# Set of Motorhome locks - where?



## jiwawa (Jun 22, 2007)

A couple of the 7 locks on our motorhome are playing up and the only way my husband can get in is through the cab door - a bit of a pfaff if the cab curtains are up.

And another couple gave up years ago!

So we were thinking of replacing the set. Where would I be able to get 7 locks all working from the one key?


----------



## erneboy (Feb 8, 2007)

Try Havlins, Alan.


----------



## Devonboy (Nov 19, 2009)

Which lock type?


----------



## iconnor (Nov 27, 2007)

If they are the standard locker type locks then you can get them from Jacksons of Arley, specify that you want them all the same number.


----------



## jiwawa (Jun 22, 2007)

Very good question, Devon boy, how would I know? I think the main door is Hartal but not sure. 

Erneboy, I phoned Havlins "we don't do barrels but we can cut a key". "A motorhome key? "Yes, we do motorhome keys" 

So on the bus into town on the worst day of the year. Hand over the key. "Is this a motorhome key?" "Yes." 

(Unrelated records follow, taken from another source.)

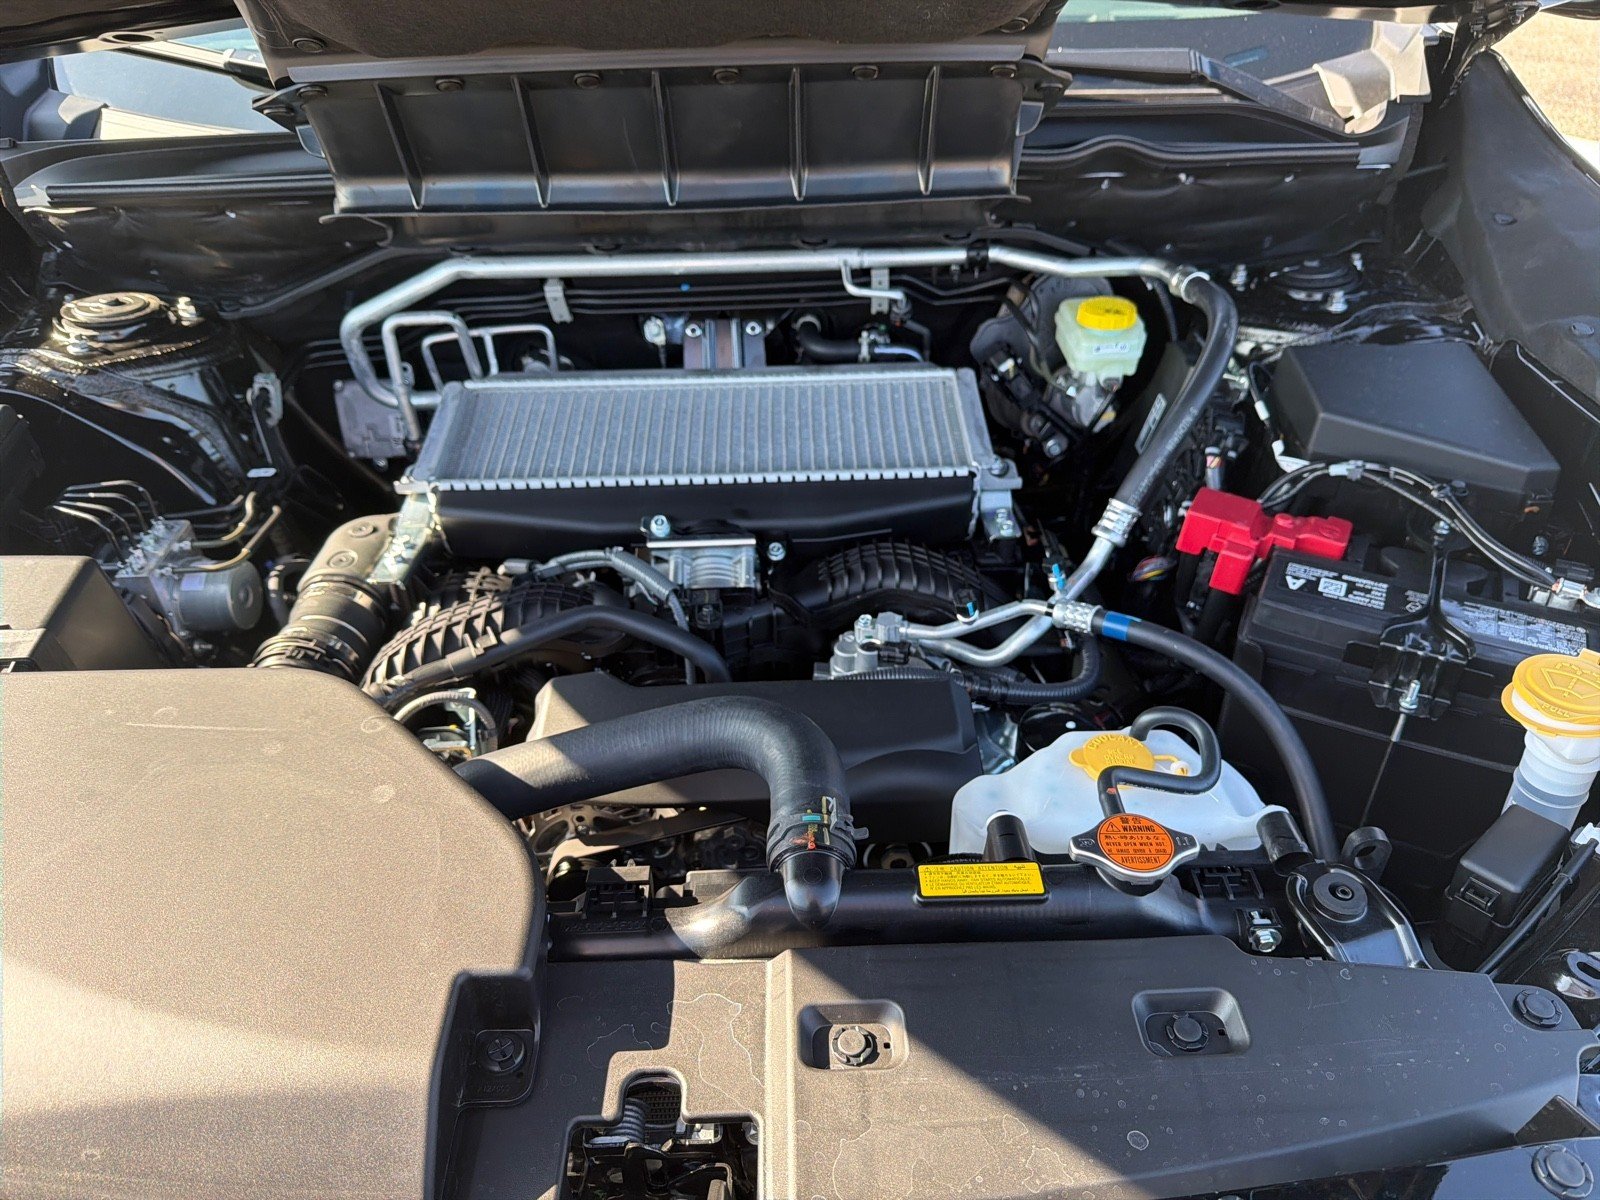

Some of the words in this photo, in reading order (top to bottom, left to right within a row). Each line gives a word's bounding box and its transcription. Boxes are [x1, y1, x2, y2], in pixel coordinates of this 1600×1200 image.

[1541, 702, 1570, 718] PULL
[1088, 734, 1144, 750] COOLANT
[1121, 825, 1156, 833] WARNING
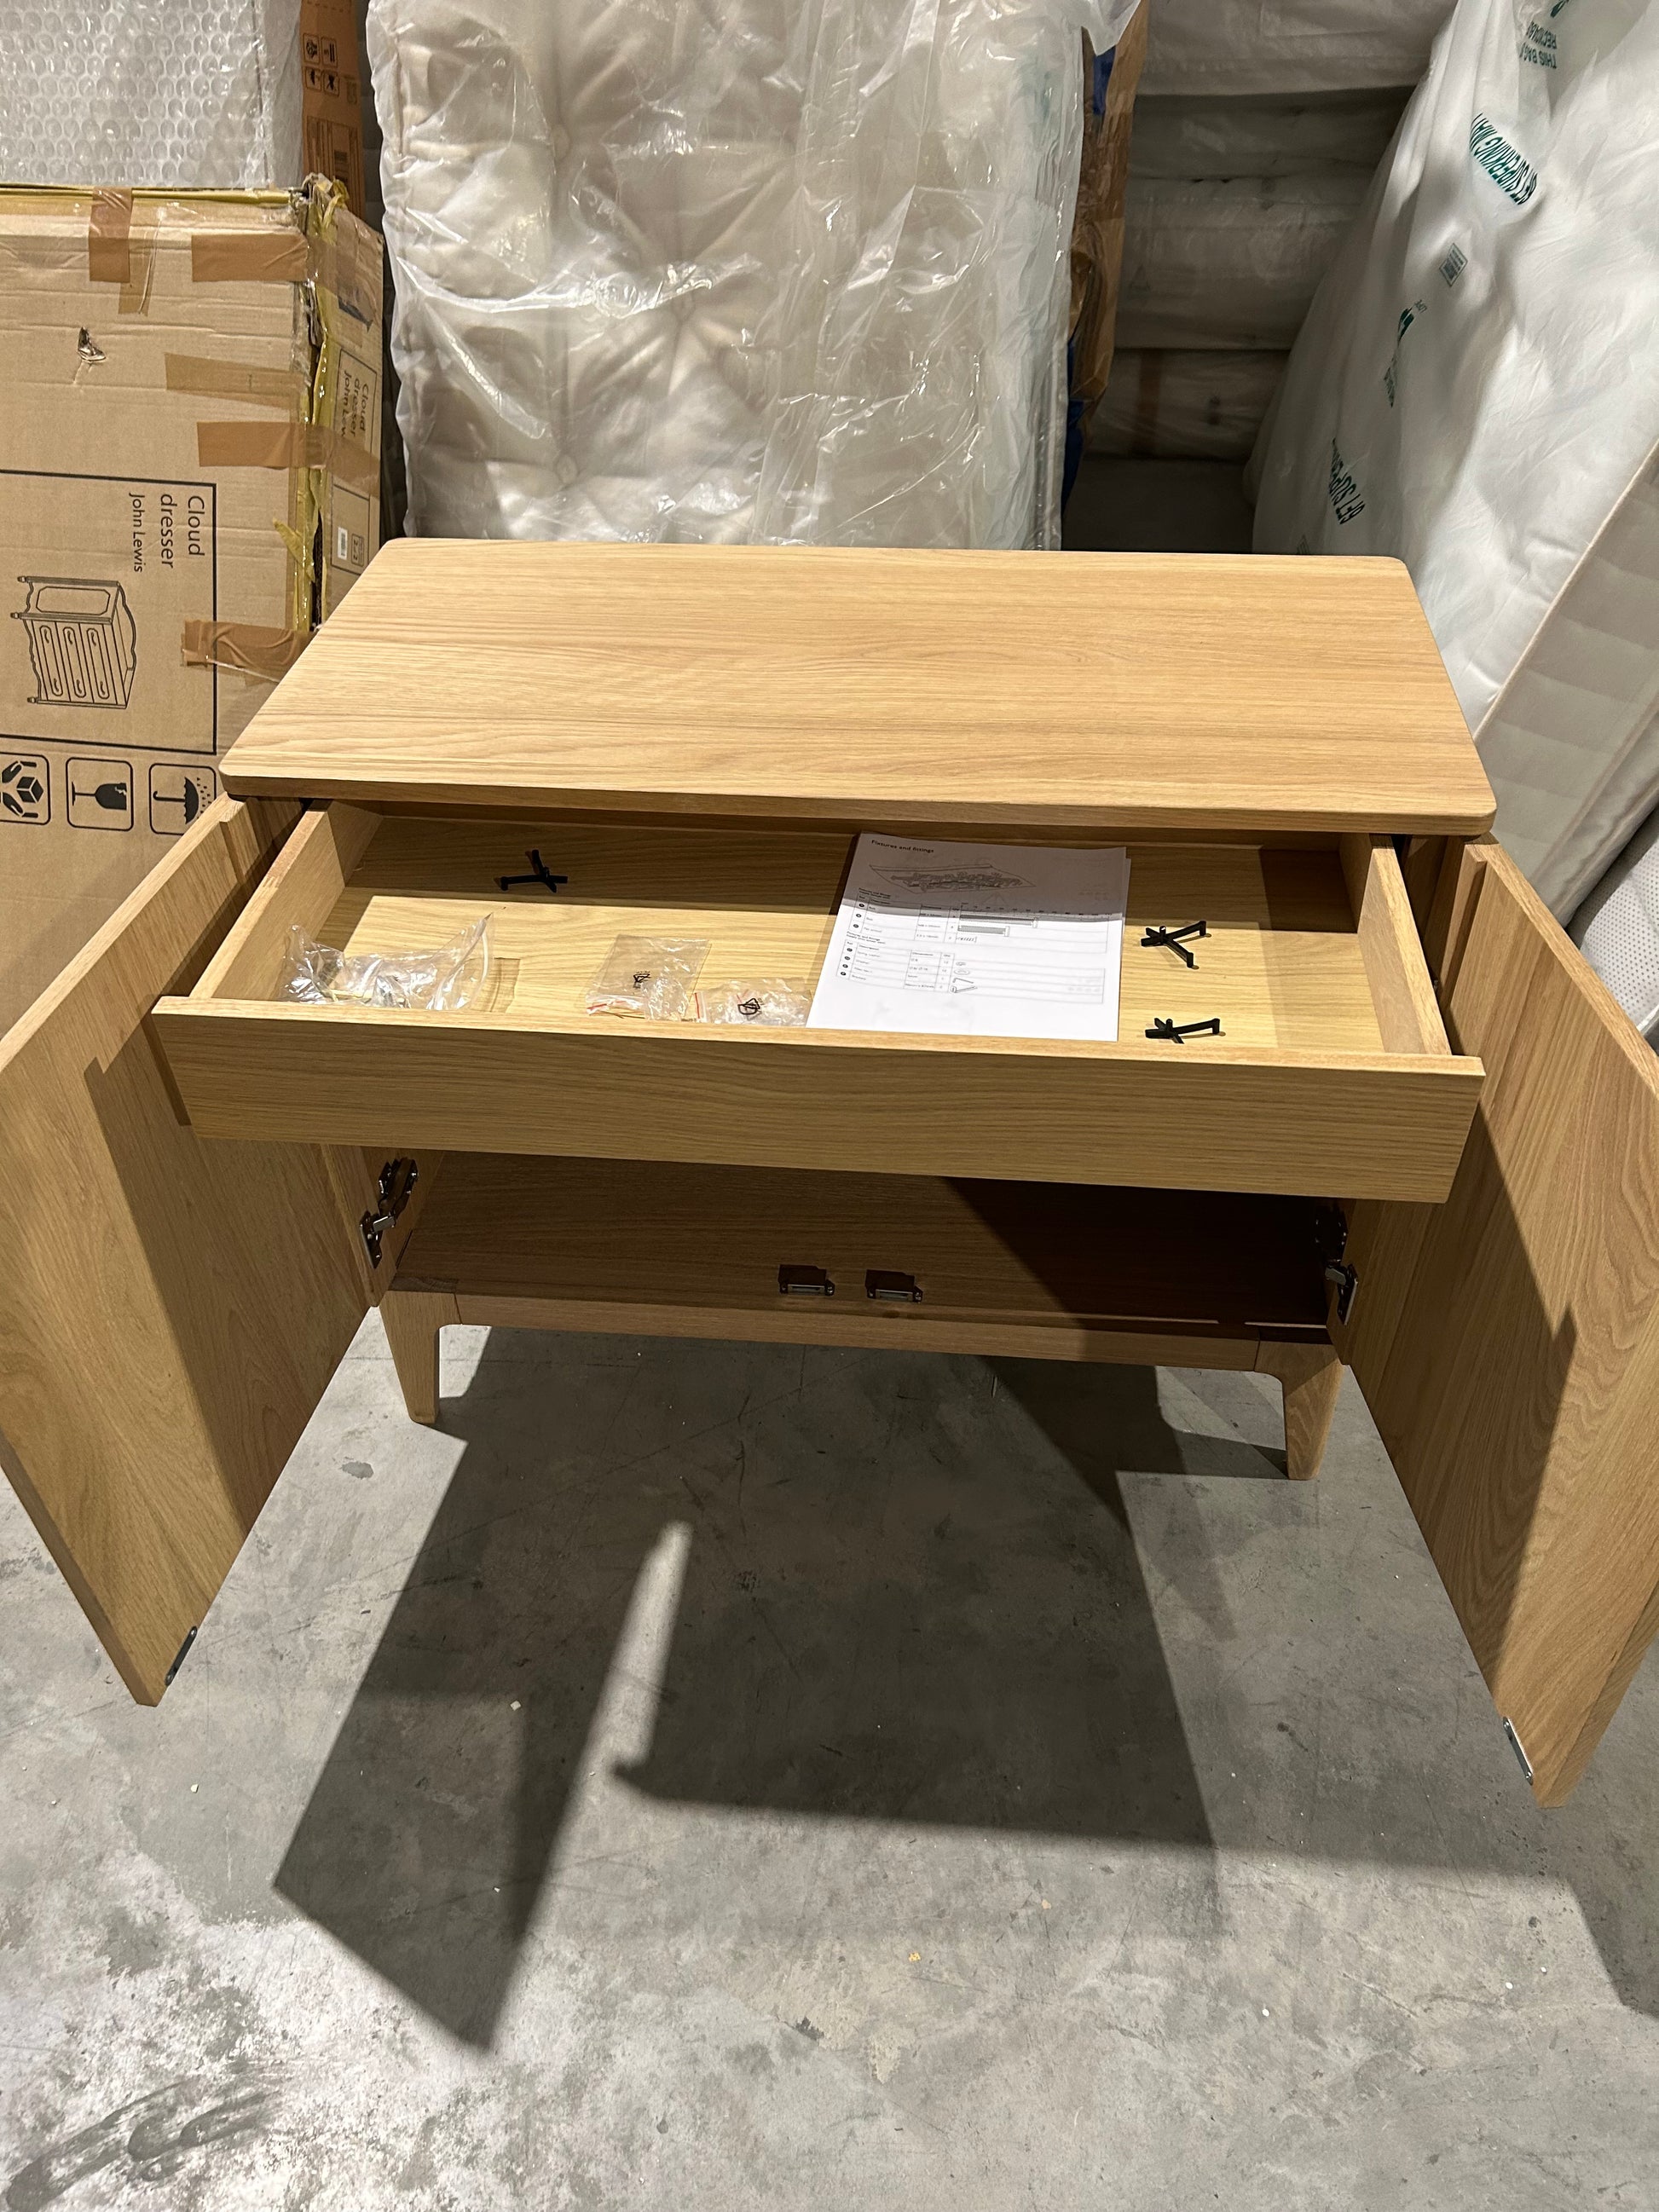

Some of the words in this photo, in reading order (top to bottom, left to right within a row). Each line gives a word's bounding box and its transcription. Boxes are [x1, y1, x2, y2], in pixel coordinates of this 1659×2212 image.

[1538, 50, 1558, 69] THIS
[1473, 136, 1530, 193] SUPERKING
[343, 370, 352, 406] John
[350, 378, 361, 437] dresser
[359, 383, 370, 431] Cloud
[128, 491, 146, 529] John
[159, 493, 178, 569] dresser
[187, 494, 205, 556] Cloud
[132, 532, 146, 573] Lewis
[870, 839, 898, 850] Fixtures

"We don't do motorhome keys."

:-(


----------



## jiwawa (Jun 22, 2007)

Iconnor, I'll have a look at Jacksons. 

I want to replace hab door, 2 on each of garage doors, Thetford door and water filler cap. I'm assuming that since the same key fitted all originally, then they're all the same barrel.


----------



## erneboy (Feb 8, 2007)

JWW said:


> Very good question, Devon boy, how would I know? I think the main door is Hartal but not sure.
> 
> Erneboy, I phoned Havlins "we don't do barrels but we can cut a key". "A motorhome key? "Yes, we do motorhome keys"
> 
> ...


Oops!


----------



## jiwawa (Jun 22, 2007)

*My key*

Had a look at Jackson's. All of their keys seem to have bites out of both edges - sorry, my brain isn't working this afternoon, and that's the only way I can describe it!

My own key is smooth on both edges but has 'shape' cut out on the 2 surfaces. If I can, I'll post a photo.

I'm not sure, anyway, that getting a new key would do the trick as I'm told the lock innards grind down to match the keys being used in it.

But itf I could find out what kind of key it is, I could maybe get their lock barrels.

Failing that, do you think the Jackson barrels would fit in my sleeves?

I'll also try to post a pic of our hab door lock in case that helps identify it.


----------



## jiwawa (Jun 22, 2007)

Those images look terrible but are ok if you click on them


----------



## Devonboy (Nov 19, 2009)

They look a lot like FAP HSC keys. Have a look here on ebay for a picture.

http://www.ebay.co.uk/itm/HSC-BARRE...ccessories&hash=item2a12b8f0d1#ht_3023wt_1161

If they are then you Nova Leisure and CAK Tanks stock them, amongst others.

You will need to identify the lock type in the first instance. For most common locks you will be able to buy a matched set of barrels so you can change all. You will need a barrel removal key, available from same supplier. Or look on ebay.

PS. If they are FAP HSC keys then they cannot be copied anyway.


----------



## Stanner (Aug 17, 2006)

Not good news



> Security Keys? These are the car-style keys with no edge 'zig-zags'. The key profiles are cut into the slots in the keys not onto the key edges themselves. No blanks are available and you can't get one cut at your local boot repairer! Replacements by key number are available from your vehicle dealer.


From........................

http://www.motorcaravanning.co.uk/shopuk/zadi_locks.htm


----------



## jiwawa (Jun 22, 2007)

Yes, those look like the ones Devonboy.

I've just heard from the guy who does our work and it seems he can't fit us in before we head off. So I guess we'll just have to do with what we've got - till next summer!! 

And hope that they don't get any worse.


----------



## jiwawa (Jun 22, 2007)

I meant to post at the time that Neill of motorcaravanning.co.uk was extremely helpful and was able to source a set of 5+2. As luck would have it, my repair man, after weeks of trying for a set of 7, had also sourced a 5+2 and bought them.

However he then went off to Portugal when he should have been fitting them so we had to leave without!

So far, so ok. At least it gives us another 9 months or so to try to source a set of 7!


----------



## locovan (Oct 17, 2007)

Contact Towtal for key barrels as he has a Tec part of Hymer group and they import everything". They do keys as well.

http://www.care-tec.co.uk/motorhome_accessories.htm


----------



## jiwawa (Jun 22, 2007)

Thank you very much locovan. I've sent them a mail.


----------



## jiwawa (Jun 22, 2007)

I discovered I could get a set of 7, with copies of the original keys, from our dealer in Germany, so will only have to replace the ones that no longer work, and still have to use only the one key. Happy days!

However, for anyone else looking for locks, [email protected] wrote to say they were getting a new batch in, so a good chance of finding multiple locks with the one key.


----------